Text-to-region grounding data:
===============

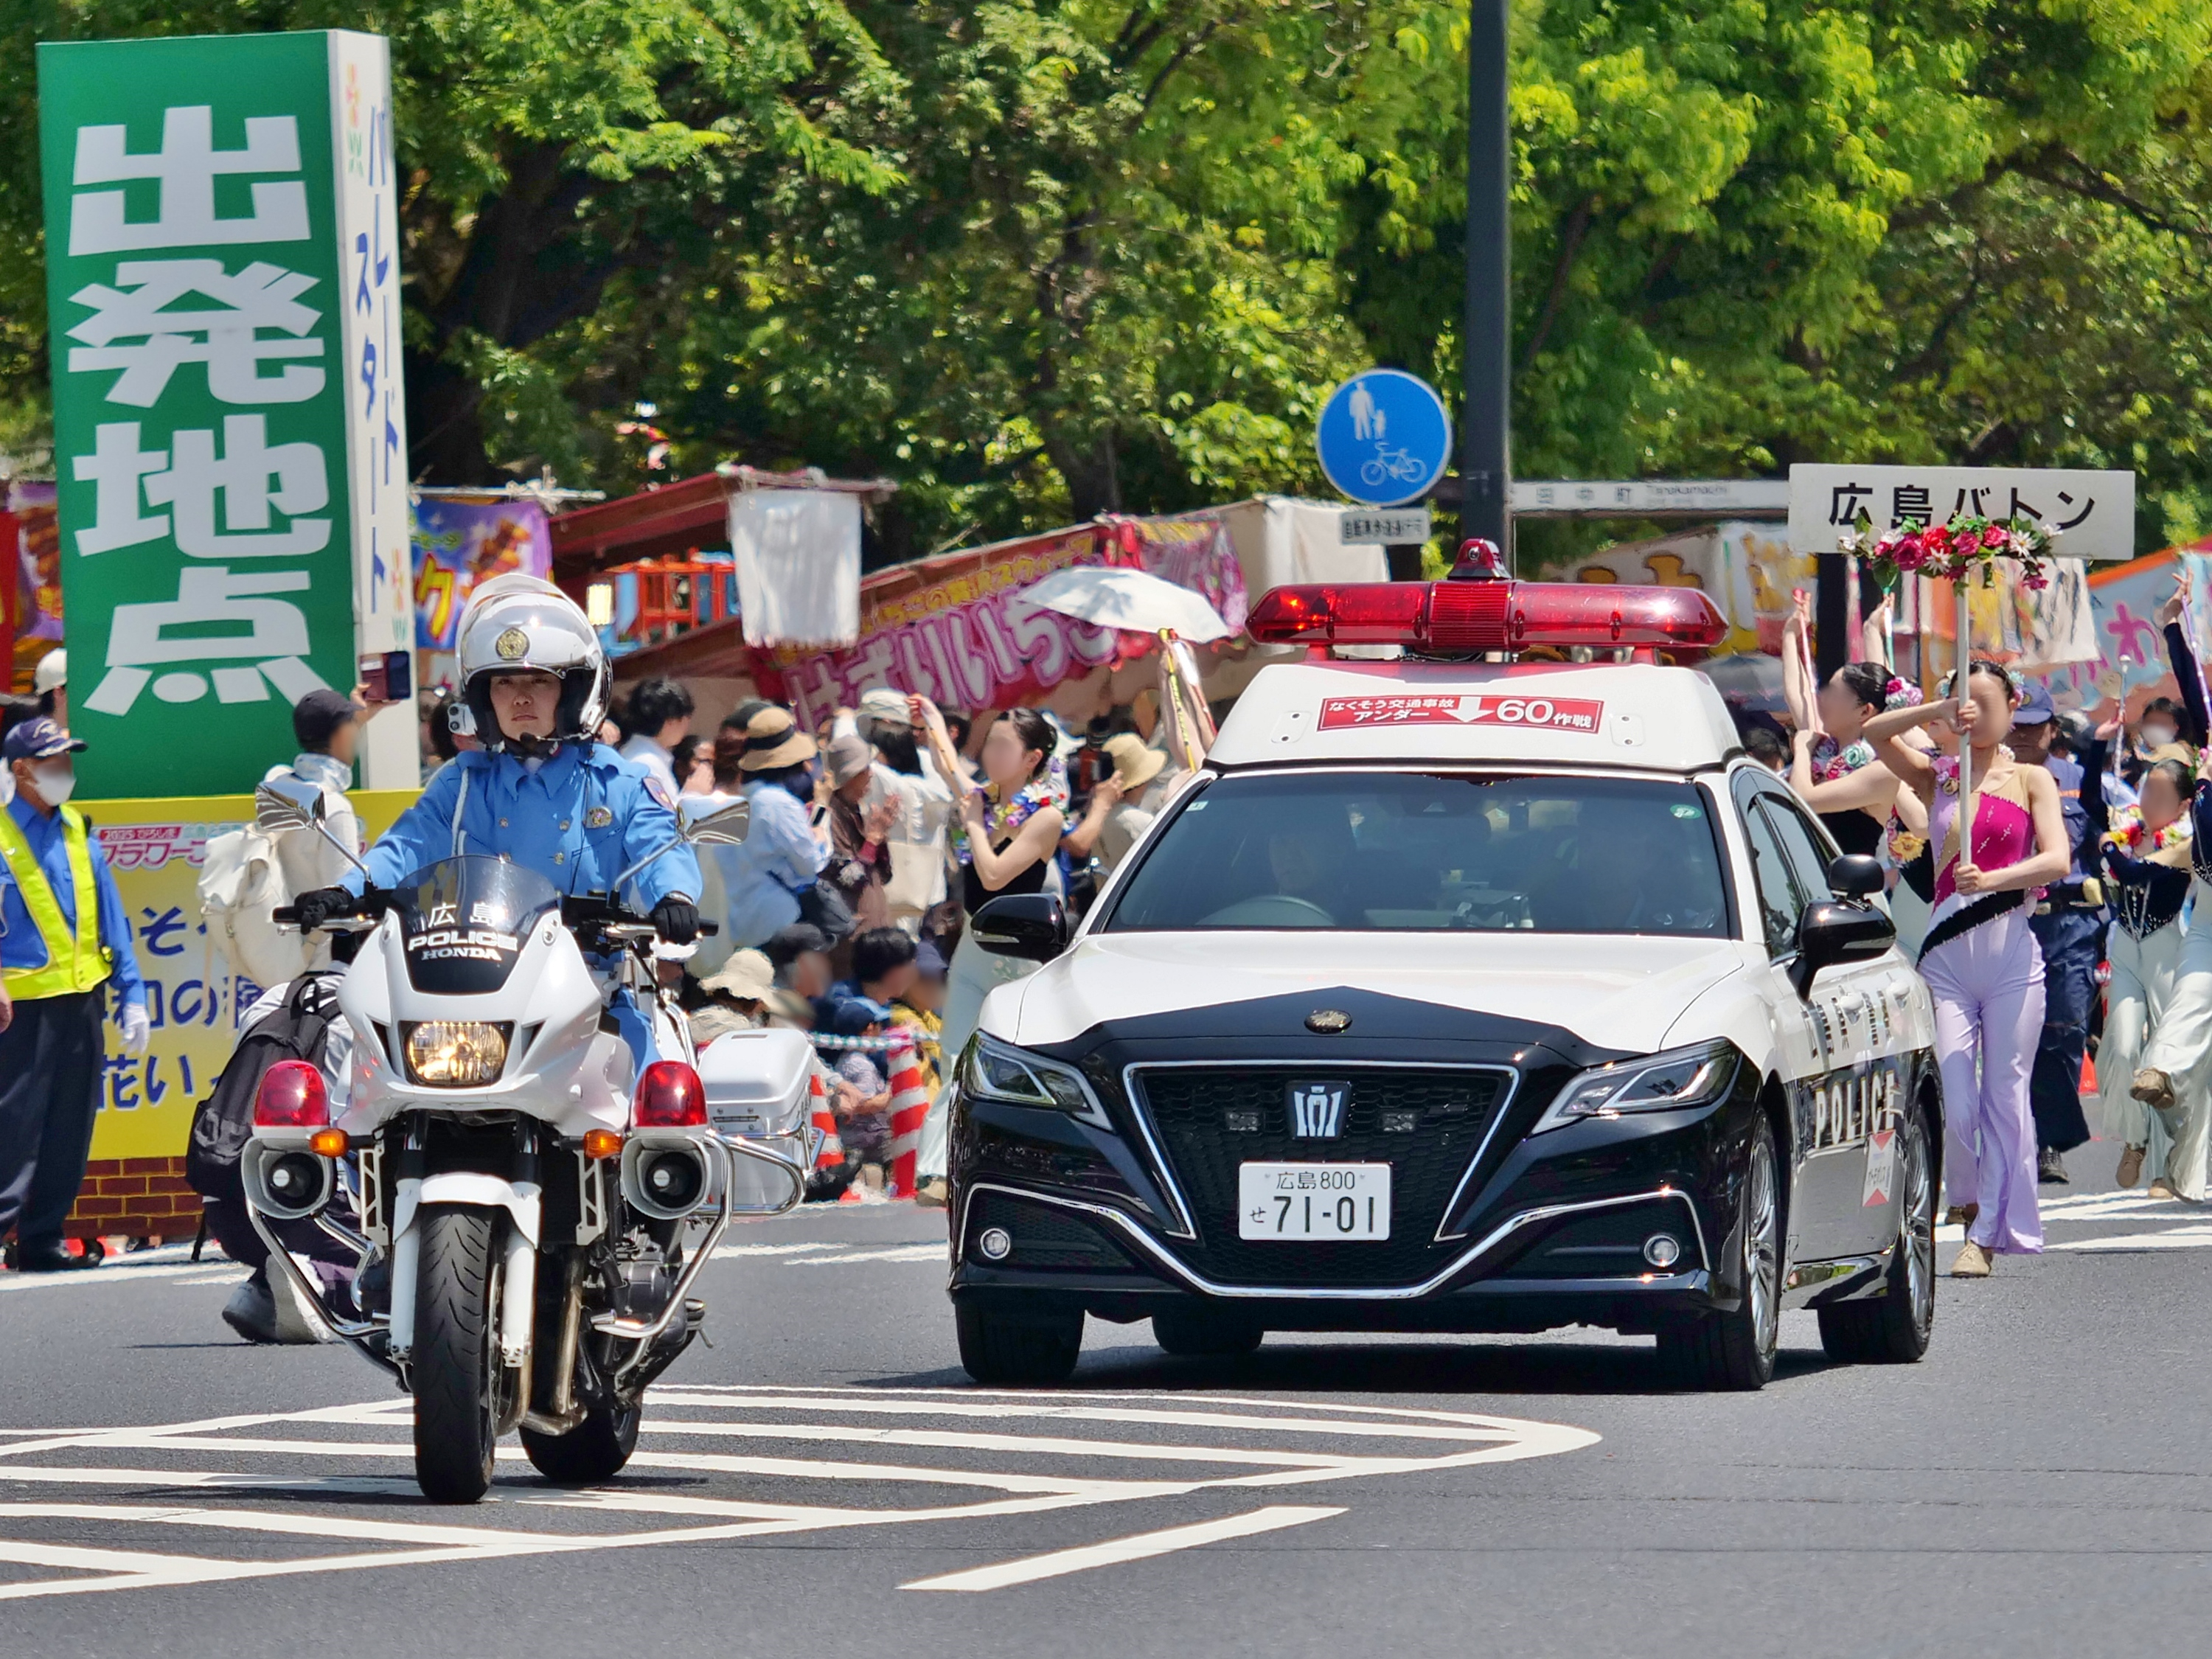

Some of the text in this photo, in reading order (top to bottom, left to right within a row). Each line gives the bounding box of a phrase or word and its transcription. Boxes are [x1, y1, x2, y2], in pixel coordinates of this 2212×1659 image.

[66, 105, 333, 717] 出発地点
[355, 231, 386, 614] スタート
[1828, 481, 2096, 530] 広島バトン
[1329, 698, 1455, 712] なくそう交通事故
[1353, 709, 1430, 723] アンダー
[408, 930, 518, 952] POLICE
[421, 947, 502, 961] HONDA
[1814, 1070, 1897, 1150] POLICE
[1249, 1195, 1374, 1234] せ 71-01

===============

WHAT YOU ARE ASKED TO DO:
Please repeat every record above exactly, leaving the pictures out.

OUTPUT OF THE EXERCISE:
Some of the text in this photo, in reading order (top to bottom, left to right within a row). Each line gives the bounding box of a phrase or word and its transcription. Boxes are [x1, y1, x2, y2], in pixel coordinates of this 2212×1659 image.

[66, 105, 333, 717] 出発地点
[355, 231, 386, 614] スタート
[1828, 481, 2096, 530] 広島バトン
[1329, 698, 1455, 712] なくそう交通事故
[1353, 709, 1430, 723] アンダー
[408, 930, 518, 952] POLICE
[421, 947, 502, 961] HONDA
[1814, 1070, 1897, 1150] POLICE
[1249, 1195, 1374, 1234] せ 71-01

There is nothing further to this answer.